先日何気なく勝海舟の『みんな敵がいい』という名言をツイートしたら、思いがけずたくさんの反応があった。

勝海舟の名言の中でも、この一節はとても『勝海舟らしい』言葉だ。
彼ほど四方八方敵ばかりの人生を送った人もそういないだろう。

幕臣でありながら開国派を支援し、一戦交えることもなく君主を『敗戦の将』にした勝海舟は、開国派から見れば敵陣営でありながら、幕府側から見れば裏切り者であり、どちらの陣営にも居場所のない人だった。

実際に何度も命を狙われ、一歩間違えれば暗殺されていてもおかしくなかった勝海舟は、まさに『みんな敵がいい』を地で行くような生き方をした人だった。

とはいえ、はじめてこの言葉に接したときは『無闇に敵を作らない方がいい』という考え方との矛盾を感じてうまく自分の中で消化できていなかった。
しかしフリーランスとして自分で仕事を作るようになって、やっと言葉の真意がわかるようになってきた。

勝が言いたかったのは『敵を作れ』ではなく、『味方などいないと思え』ということなのだと思う。

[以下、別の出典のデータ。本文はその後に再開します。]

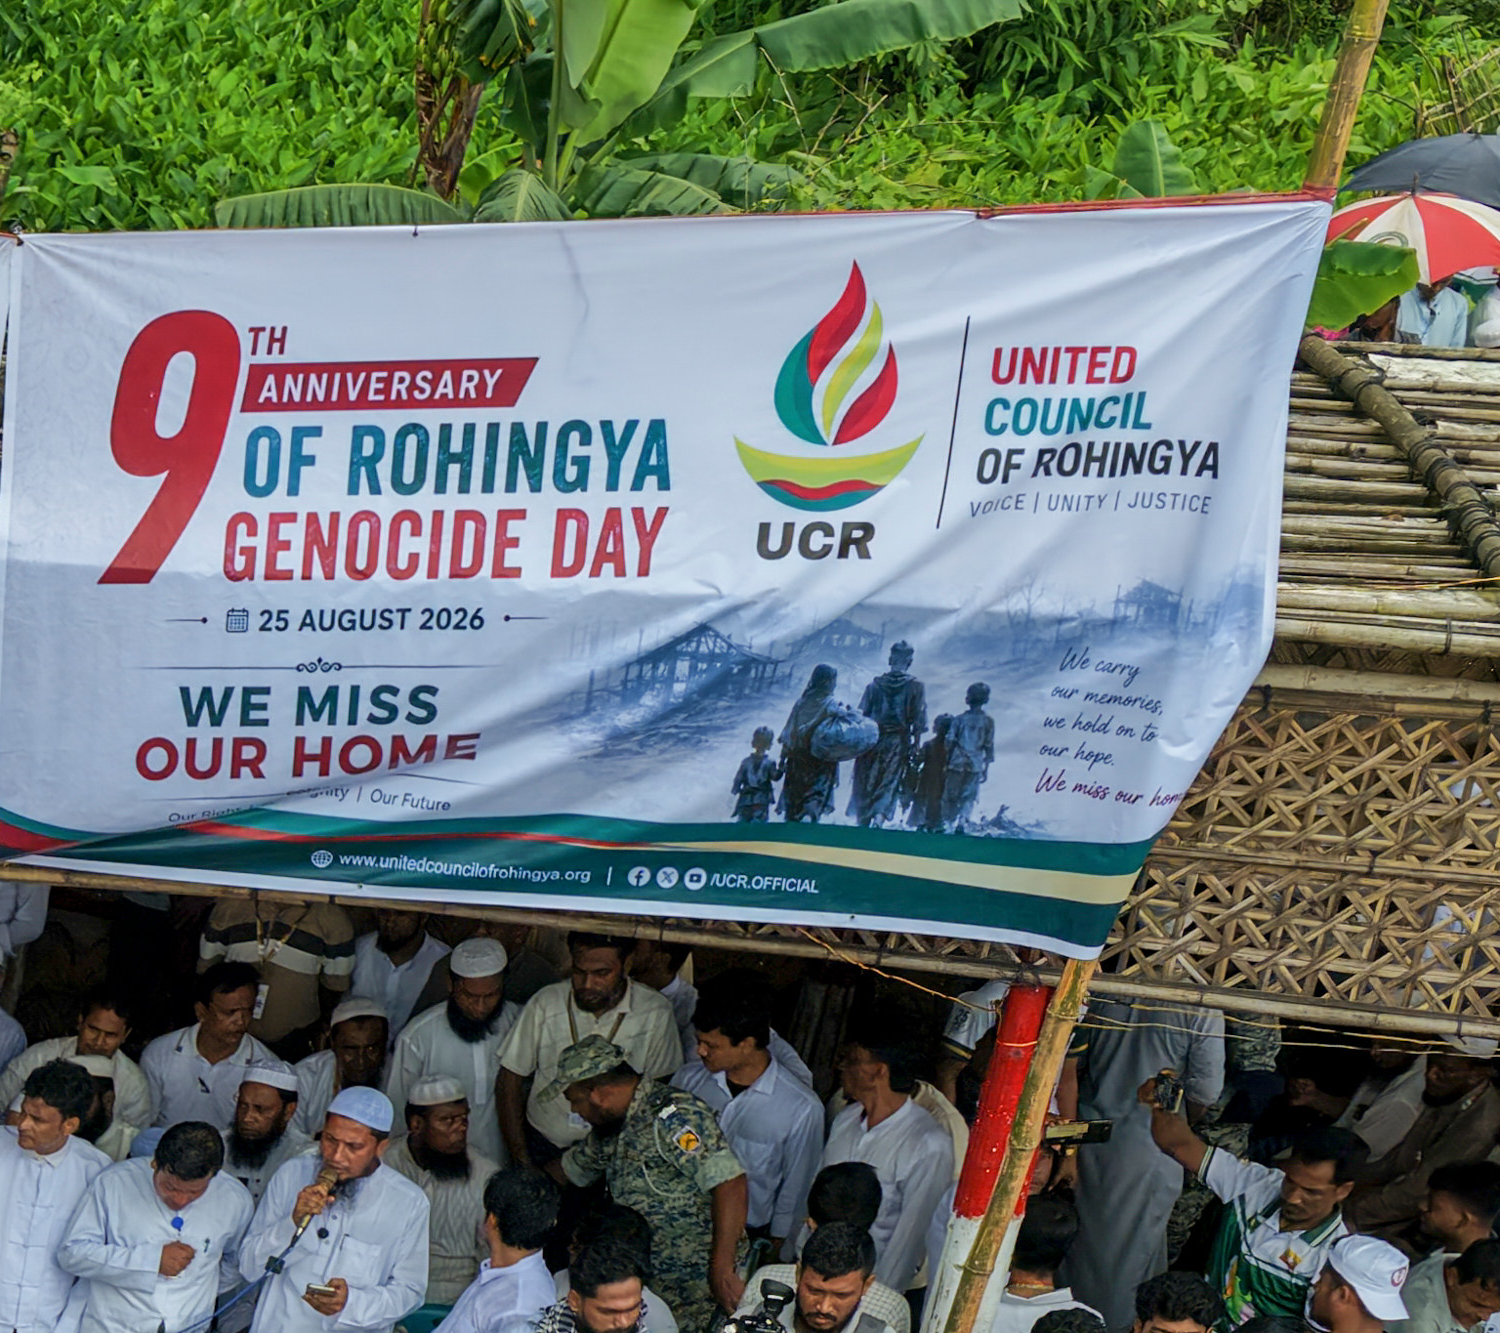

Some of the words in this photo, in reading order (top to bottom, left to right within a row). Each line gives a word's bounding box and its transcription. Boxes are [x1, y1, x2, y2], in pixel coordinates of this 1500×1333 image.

[247, 325, 288, 356] TH
[991, 346, 1138, 386] UNITED
[258, 368, 504, 405] ANNIVERSARY
[983, 390, 1153, 437] COUNCIL
[96, 309, 242, 584] 9
[242, 424, 323, 498] OF
[347, 418, 671, 496] ROHINGYA
[976, 447, 1025, 485] OF
[1030, 439, 1220, 480] ROHINGYA
[969, 493, 1027, 519] VOICE
[1047, 493, 1109, 514] UNITY
[1126, 492, 1212, 515] JUSTICE
[222, 508, 528, 583] GENOCIDE
[549, 506, 669, 579] DAY
[756, 521, 876, 561] UCR
[258, 609, 290, 633] 25
[297, 607, 412, 632] AUGUST
[418, 606, 485, 631] 2026
[1059, 647, 1090, 672] We
[1094, 658, 1140, 687] carry
[178, 685, 272, 727] WE
[294, 684, 439, 726] MISS
[1051, 684, 1079, 699] our
[1083, 691, 1164, 716] memories,
[1043, 714, 1066, 730] we
[1071, 711, 1109, 735] hold
[1116, 724, 1135, 738] on
[1140, 722, 1159, 742] to
[135, 736, 267, 781] OUR
[291, 732, 482, 779] HOME
[1039, 741, 1065, 757] our
[1073, 742, 1115, 771] hope.
[369, 788, 398, 808] Our
[401, 793, 451, 812] Future
[1035, 767, 1067, 793] We
[1072, 781, 1111, 801] miss
[1114, 789, 1144, 806] our
[338, 852, 592, 883] www.unitedcouncilofrohingya.org
[709, 874, 820, 894] /UCR.OFFICIAL

この世に本当の味方なんてあるものか。自分の身は自分で守るもんさ──。

カラッと笑いながらそう語る勝海舟の姿が浮かんでくる気さえする。

新しいことをはじめるとき、誰が応援してくれるだろうか、何人が協力してくれるだろうか、と味方の『票』を数えたくなるのが人情だ。
誰だって新しいことをはじめるのは不安だし、少しでも自分に賛成して便宜をはかってくれる人を増やしておきたいと思う。

しかし、その安心感はそもそも勝手な思い込みでしかなく、いとも簡単に裏切られることになる。

いざとなれば誰だってまずは自分の身を守ることを優先する。
はじめたときは仲間だ、味方だと思っていても、利害関係の風向きが変われば敵味方はいとも簡単に入れ替わる。

それをいちいち『裏切りだ』『味方だと思っていたのに』と責めたところで何もはじまらないし、恨みが募るばかりだ。

だからこそ『味方なんていない』と明るい諦めを持っておくことこそが、無駄な期待と失望を繰り返さずにすむ秘訣なのではないかと思う。

これは私が事あるごとに引用している小林秀雄の『本当に信じているものがあれば徒党を組む必要はない』という話にも近い気がしている。

僕は僕流に考えるんですから、勿論間違うこともあります。
しかし、責任は取ります。
それが信ずることなのです。
信ずるという力を失うと、人間は責任をとらなくなるのです。
そうすると人間は集団的になるのです。
自分流に信じないから、集団的なイデオロギーというものが幅をきかせるのです。
(小林秀雄「信ずることと知ること」)

***

勝海舟はわざと挑発するようなことを言って敵を作っていくタイプの人ではあったのだけど、表面的な好き嫌いや敵味方という考え方とは別に、彼の中には『人は利害で動く』という超合理的な哲学があったのではないかと思う。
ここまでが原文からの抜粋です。